First, Mayta (or the driver that Mayta hired) drove them all over, willy-nilly, talking about neighborhoods and prices to live there, and if it was a good neighborhood or not. Then, for lunch, she suggested pizza, but ended up taking them to a Sicilian restaurant (that she loved) heavy on the seafood, and according to my dad and M, not good. And at one point, Mayta went to the bathroom and came out of it with blood dribbling out of the corners of her mouth. Ew. It was a two-hour lunch, and during that two-hour time, the drive (and Mayta) were on the clock. Finally, they leave lunch, and she's got them driving around. She takes them up on a hill (the Janiculum, from what I can figure out), and points out landmarks. Then she asks them if they want to see the Catacombs, and they say yes. She gets them there, and tells them okay, now you've got hire a tour guide for in there, and I'll wait here.

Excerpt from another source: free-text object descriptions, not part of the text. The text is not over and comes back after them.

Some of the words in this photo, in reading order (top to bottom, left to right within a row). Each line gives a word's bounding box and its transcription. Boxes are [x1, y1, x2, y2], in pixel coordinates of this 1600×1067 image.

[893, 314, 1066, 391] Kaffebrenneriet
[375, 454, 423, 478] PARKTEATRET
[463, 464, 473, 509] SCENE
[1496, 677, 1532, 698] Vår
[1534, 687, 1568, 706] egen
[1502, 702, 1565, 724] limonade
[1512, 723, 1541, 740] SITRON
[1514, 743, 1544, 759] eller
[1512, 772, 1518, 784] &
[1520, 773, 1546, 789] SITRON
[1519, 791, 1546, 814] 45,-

Probably they were so defeated by this point that they just agreed, and it might have been an actual relief to get away from her. They do the tour, come out, and she takes them back into Rome. My dad said that at one point (because she wasn't doing much explaining of the landmarks) he was surprised that he recognized Sta. Maria in Cosmedin, where the Bocca della Verita is. He said, "Hey look, isn't that the Bocca della Verita?" and she said, yeah yeah, and they kept driving. Eventually, the ended up in the Colosseum, and they went in, but only on the ground level. Because, um, yeah, Mayta couldn't walk up all those stairs. Then, they came back to the hotel. Within seconds of getting out of the van, my dad shot off an email on his crackberry that her services wouldn't been needed the next day, and whabbam. Our Day 6 plans were gone.

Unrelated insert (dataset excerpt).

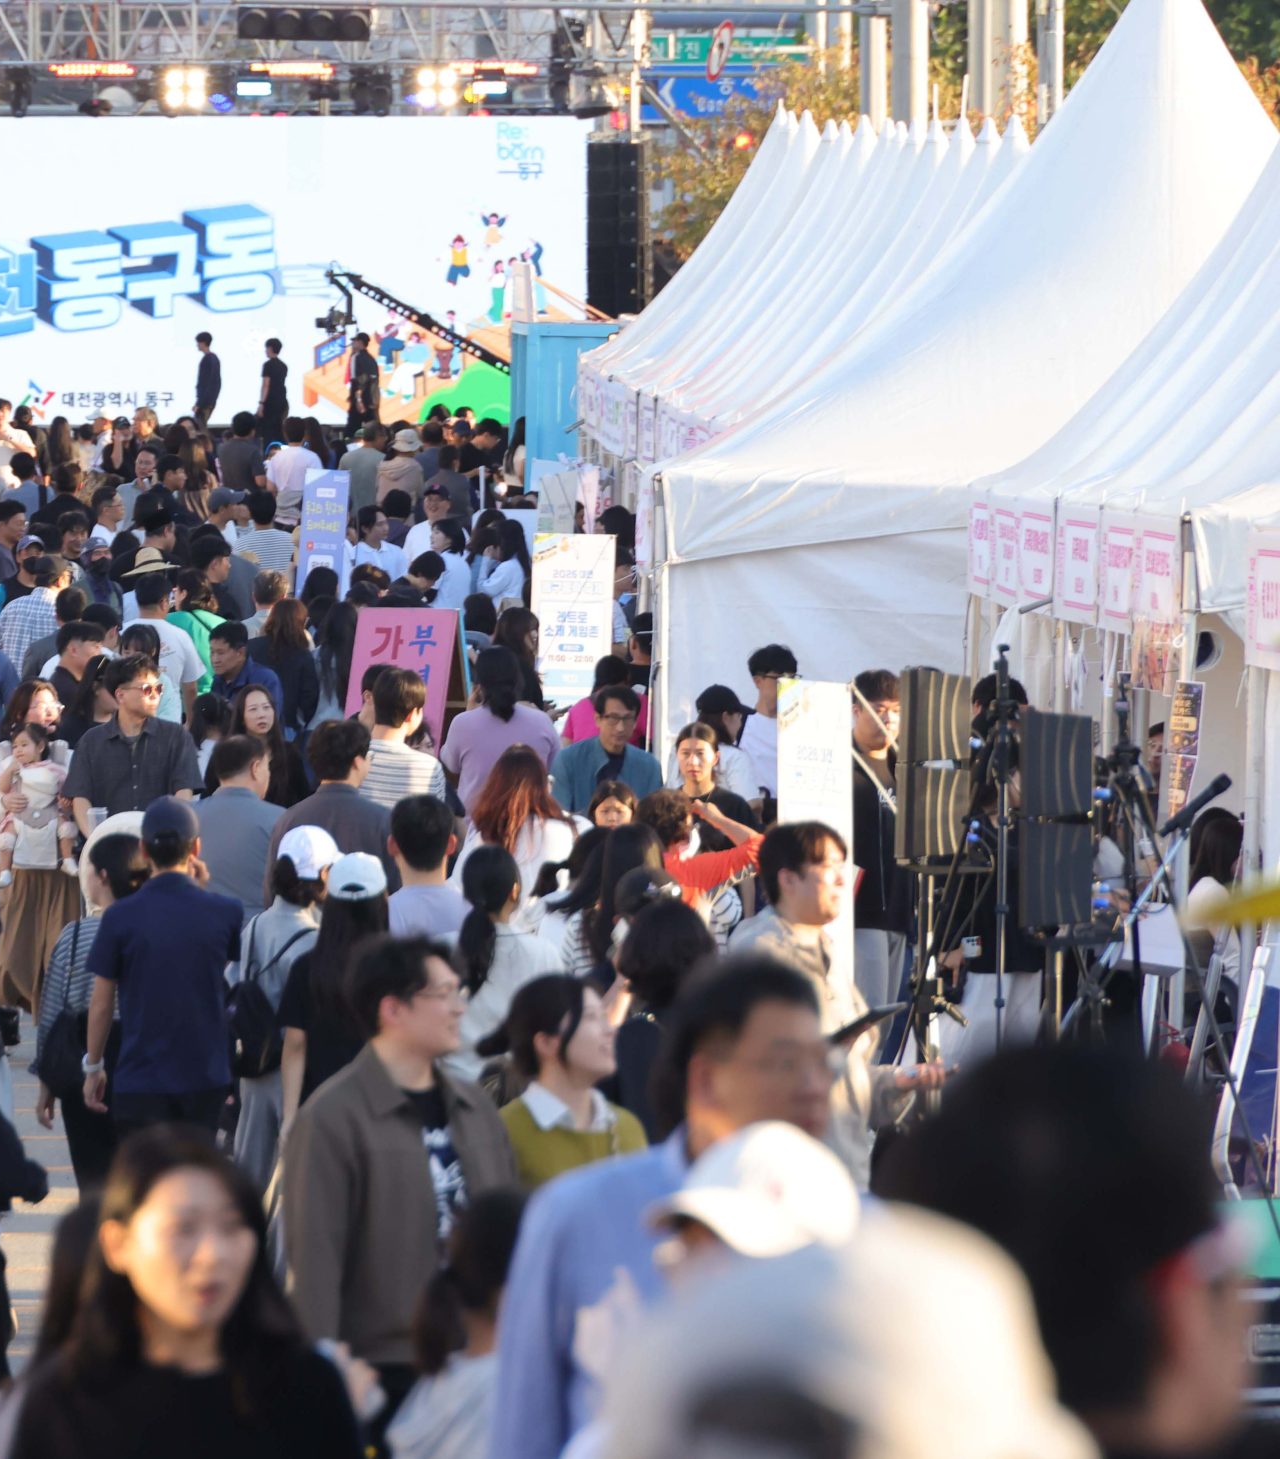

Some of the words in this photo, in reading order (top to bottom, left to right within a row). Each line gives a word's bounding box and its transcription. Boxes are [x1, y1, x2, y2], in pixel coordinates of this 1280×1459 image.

But. Considering that Mayta hadn't taken them in the Forum (because how could she walk around inside it), the Spanish Steps, or any other churches, and had been incredibly unsatisfactory in St. Peter's, we decided that although the Tivoli tour was cancelled, we had plenty to see. I had told S, on our way back to the hotel after our wandering afternoon, that I was dreading the next day, because I simply couldn't imagine that Mayta could do it, take us to the two Villas and manage it. And I was dreading being around her again. He asked me if I thought my dad would cancel, and I said no. I was wrong, and boy was I glad. My dad and M, to be fair, took a big one for the team. (Even though S and I didn't, I will point out again, duck out that day. We were always meant to duck out.) M said that at one point, she sent my dad a text message (crackberry to crackberry) during the tour that said something to the effect of: this is awful get me out.
I'll give it to Mayta though. She kept us talking about her for the remainder of the trip. And frankly, after that, any little thing that went our way was the greatest luck in the world. Also, no pictures of her exist, at least not from the front. S has one of the top half of her head, but it doesn't at all capture the hideousness of it all. My dad speculated that perhaps taking a pictures wasn't cool--that it would be like taking a picture of a car crash. People, it was THAT horrible.
Okay, after that, I'm done. Day 6, 7 and 8 tomorrow. But nothing'll compare to the Mayta day, I'll tell you right now.